After a hearty meal, the wanderers launched into the usual topics
of conversation in those regions. Sakalar was not a boaster,
but the young men from Nijnei-Kolimsk were possessed of the
usual characteristics of hunters and fishermen. They told with
considerable vigor and effect long stories of their adventures, most
exaggerated--and when not impossible, most improbable--of bears killed
in hand to hand combat, of hundreds of deer slain in the crossing of
a river, and of multitudinous heaps of fish drawn in one cast of a
seine: and then, wrapped in their thick clothes and every one's feet
to the fire, the whole party soon slept. Ivan and Kolina, however,
held whispered converse together for a little while, but fatigue soon
overcame even them.

The next day they advanced still farther toward the pole, and on the
evening of the third camped within a few yards of the great Frozen
Sea. There it lay before them, scarcely distinguishable from the land.

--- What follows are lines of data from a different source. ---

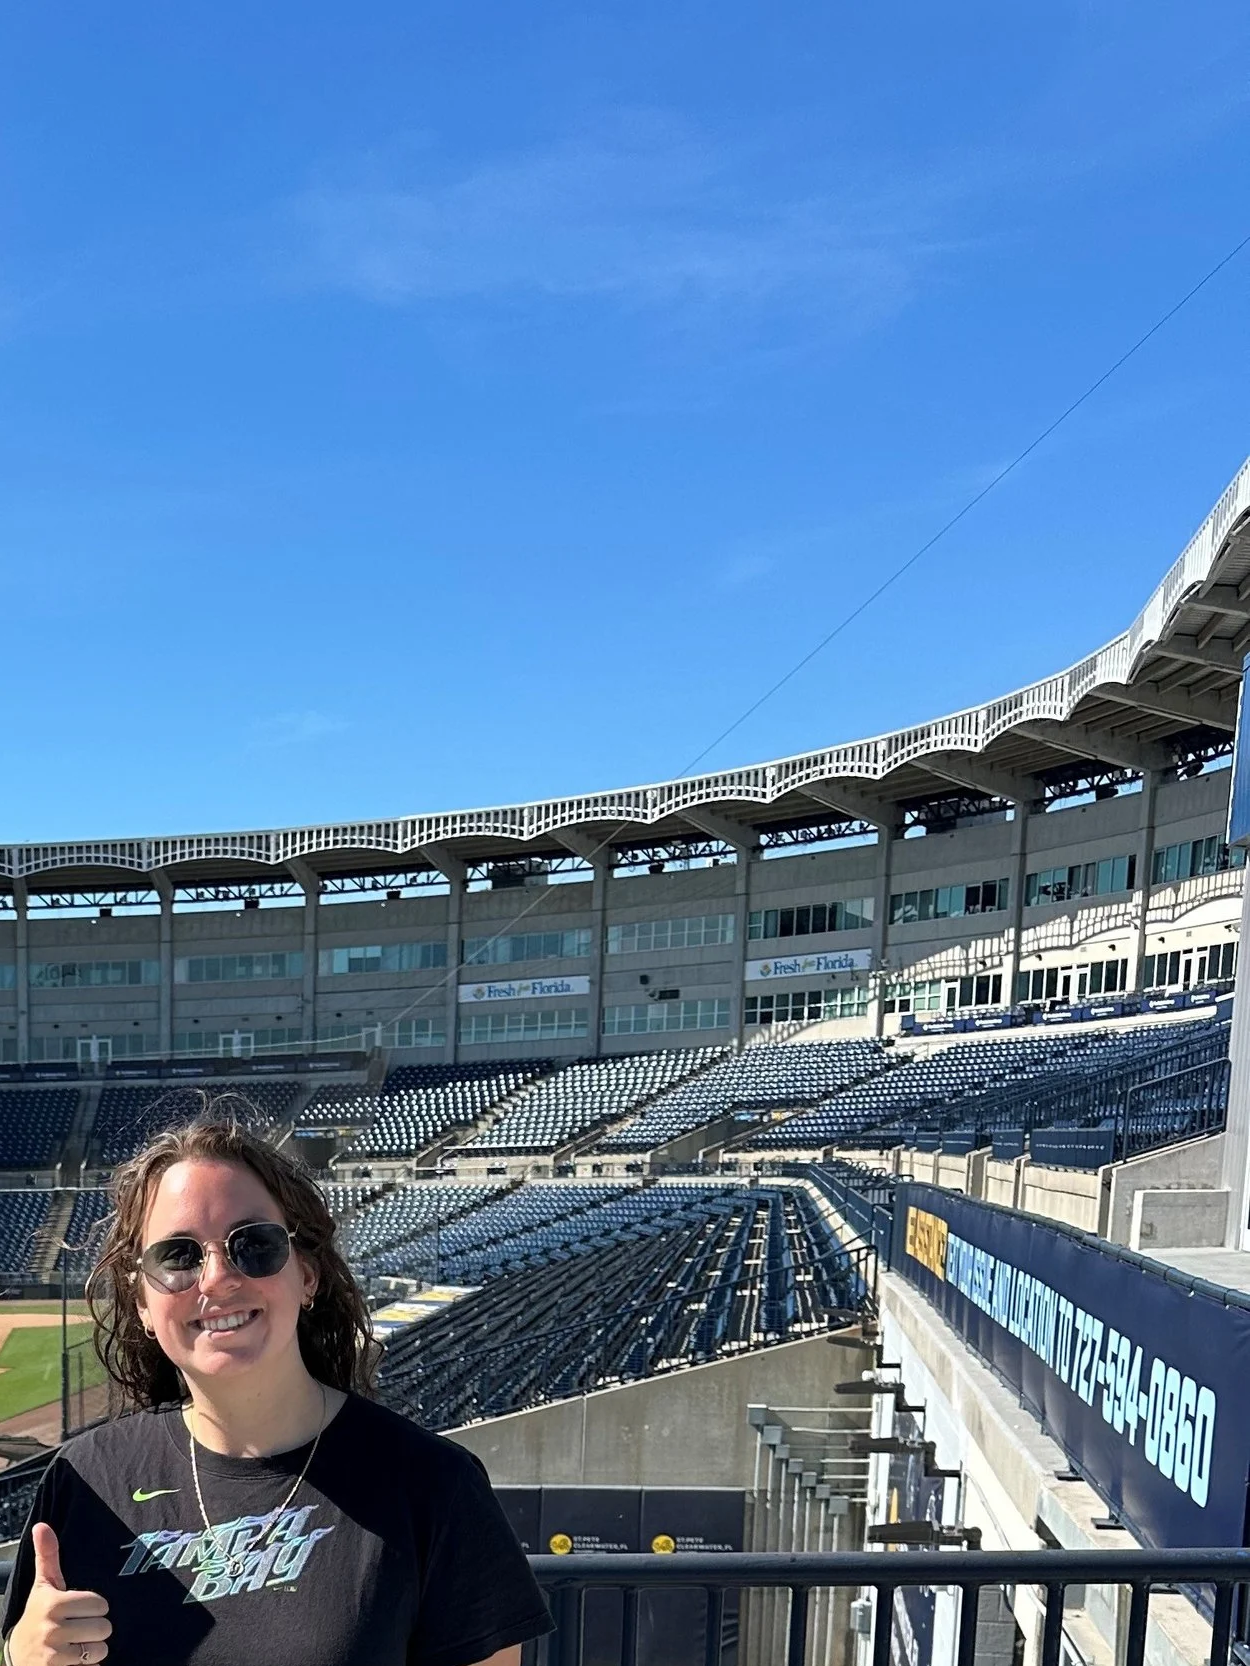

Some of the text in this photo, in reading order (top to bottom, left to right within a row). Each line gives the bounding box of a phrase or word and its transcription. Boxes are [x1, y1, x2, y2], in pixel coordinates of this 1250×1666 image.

[487, 984, 516, 998] Fresh
[531, 980, 572, 995] Florida
[773, 959, 801, 975] Fresh
[816, 954, 855, 971] Florida
[991, 1259, 1013, 1329] AND
[1008, 1267, 1060, 1369] LOCATION
[1055, 1295, 1074, 1384] TO
[1070, 1307, 1217, 1508] 727-594-0860
[118, 1504, 319, 1577] TAMPA
[183, 1525, 335, 1604] BAY

As they looked upon it from a lofty eminence, it was hard to believe
that that was a sea before them. There was snow on the sea and snow on
the land: there were mountains on both, and huge drifts, and here and
there vast _polinas_--a space of soft, watery ice, which resembled the
lakes of Siberia. All was bitter, cold, sterile, bleak, and chilling
to the eye, which vainly sought a relief. The prospect of a journey
over this desolate plain, intersected in every direction by ridges
of mountain icebergs, full of crevices, with soft salt ice here and
there, was dolorous indeed; and yet the heart of Ivan quaked not. He
had now what he sought in view; he knew there was land beyond, and
riches, and fame.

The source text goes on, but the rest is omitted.